*TORI*
Nowy York, cztery lata temu
Wściekła, rzuciłam łuk na stół. Charles i Julia siedzieli na kanapie, oglądając telewizję. Spojrzeli na mnie dziwnie.
- Kiepski dzień, księżniczko? - spytał Charlie, unosząc brew. Julia włożyła garść popcornu do ust, nawet nie siląc się na komentarz.
- Nie nazywaj mnie tak - warknęłam w jego stronę. Opadłam na kanapę między nimi. Chłopak tylko się roześmiał i objął mnie bratersko ramieniem. Wyrwałam mu się natychmiast, klnąc pod nosem.
- Co jest? - odezwała się w końcu przyjaciółka.
Wskazałam oskarżycielsko na łuk, spoglądając przy tym wściekle na Charlesa.

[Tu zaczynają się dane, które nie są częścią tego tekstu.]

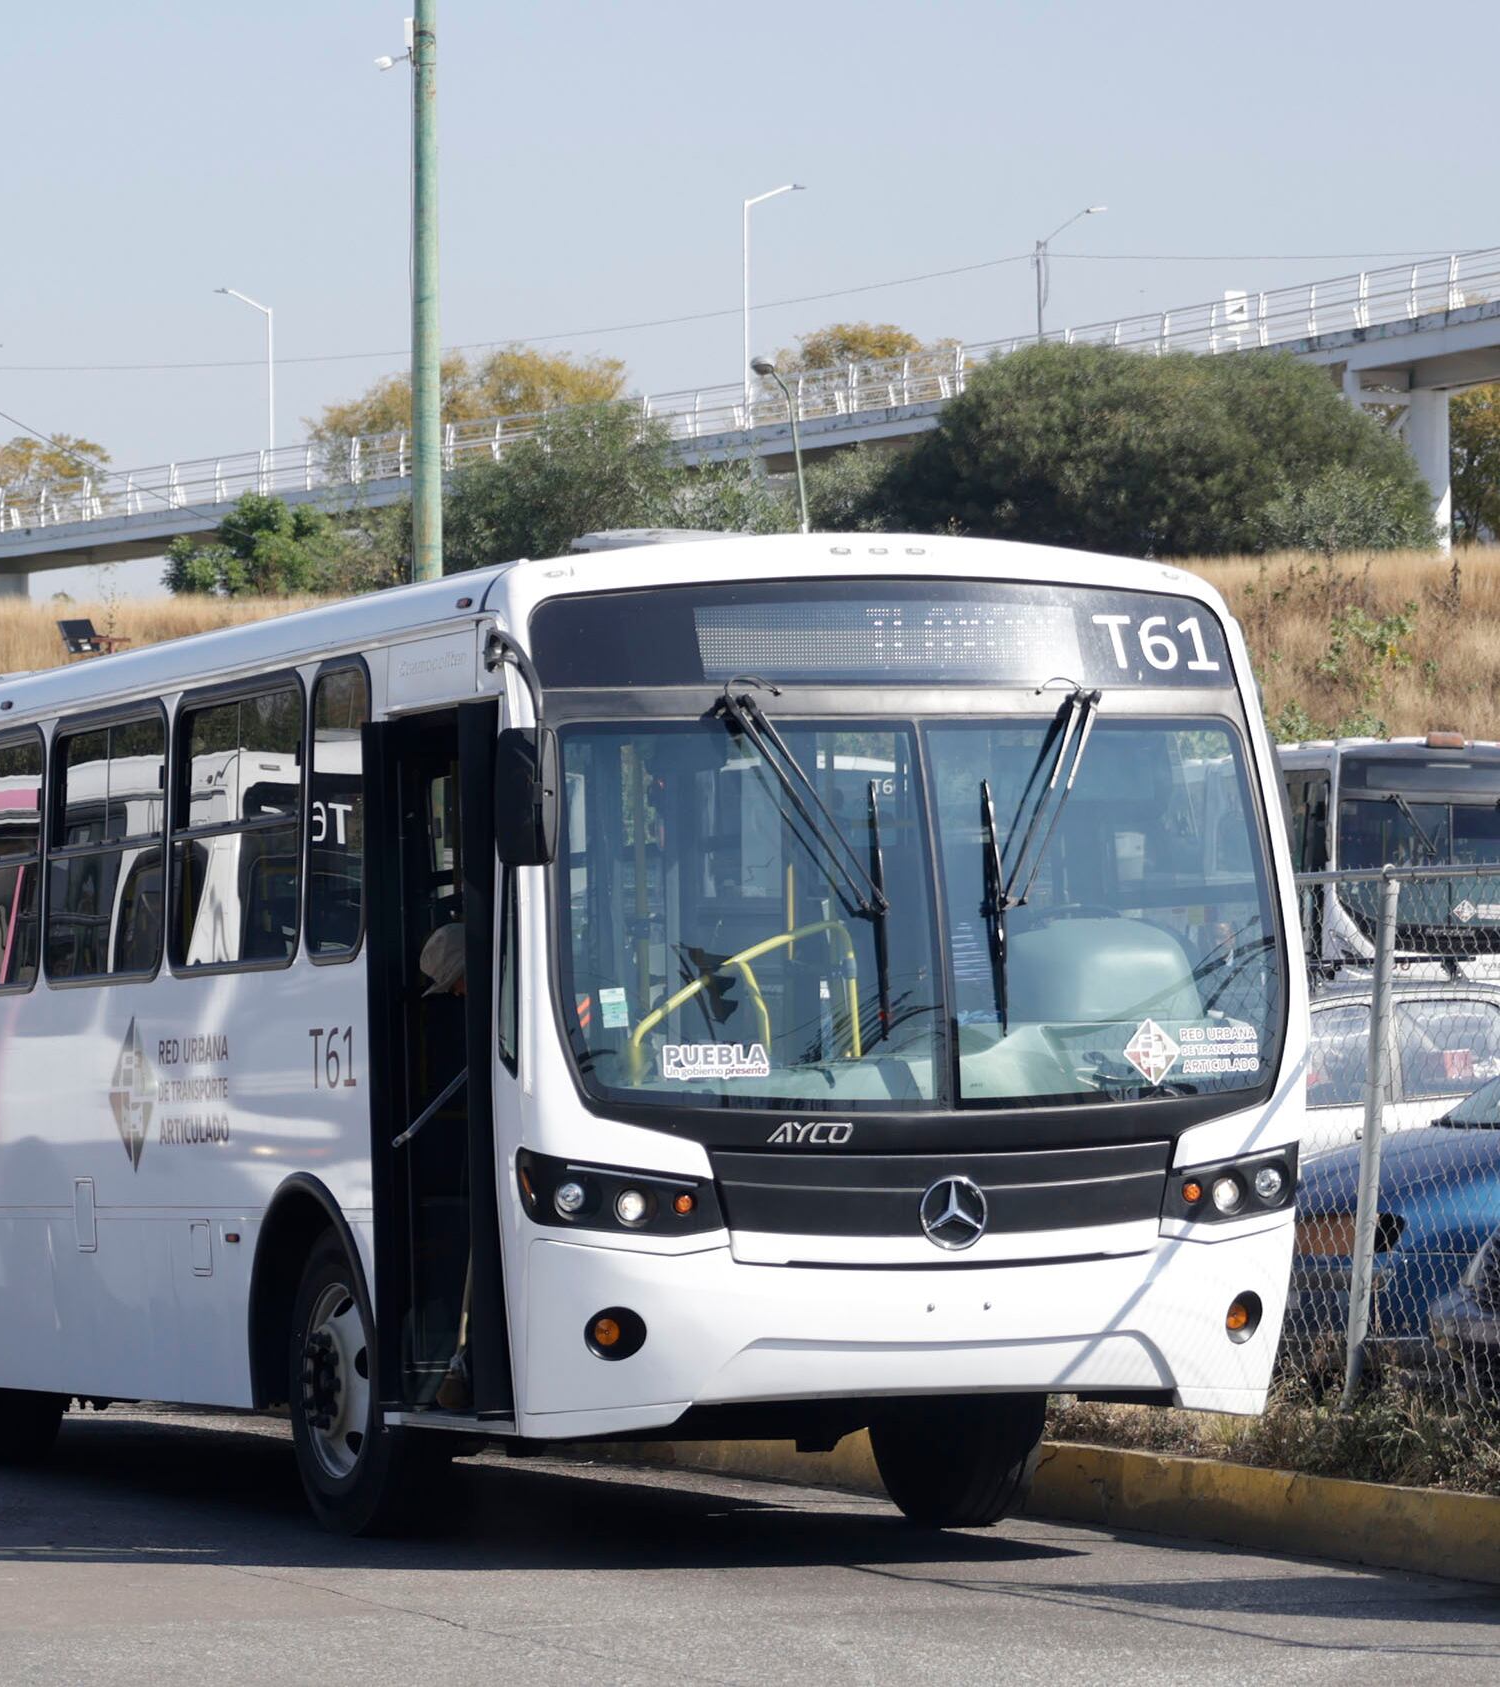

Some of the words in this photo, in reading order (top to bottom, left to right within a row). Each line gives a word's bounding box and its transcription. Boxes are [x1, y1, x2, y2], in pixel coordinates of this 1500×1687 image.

- To jest. Kazałeś załatwić mi tego faceta pieprzonym łukiem, choć dobrze wiesz, że wolę kule niż strzały. Dlaczego?
Charles tylko chwycił łuk i zważył go w dłoni. Westchnął ciężko, przyglądając się krzywiźnie broni.
- Łuk uczy cierpliwości, Alex - powiedział, już całkiem poważny. - Poza tym, dobrze strzelasz.
Podniosłam się z kanapy, sfrustrowana. Zacisnęłam dłonie w pięści.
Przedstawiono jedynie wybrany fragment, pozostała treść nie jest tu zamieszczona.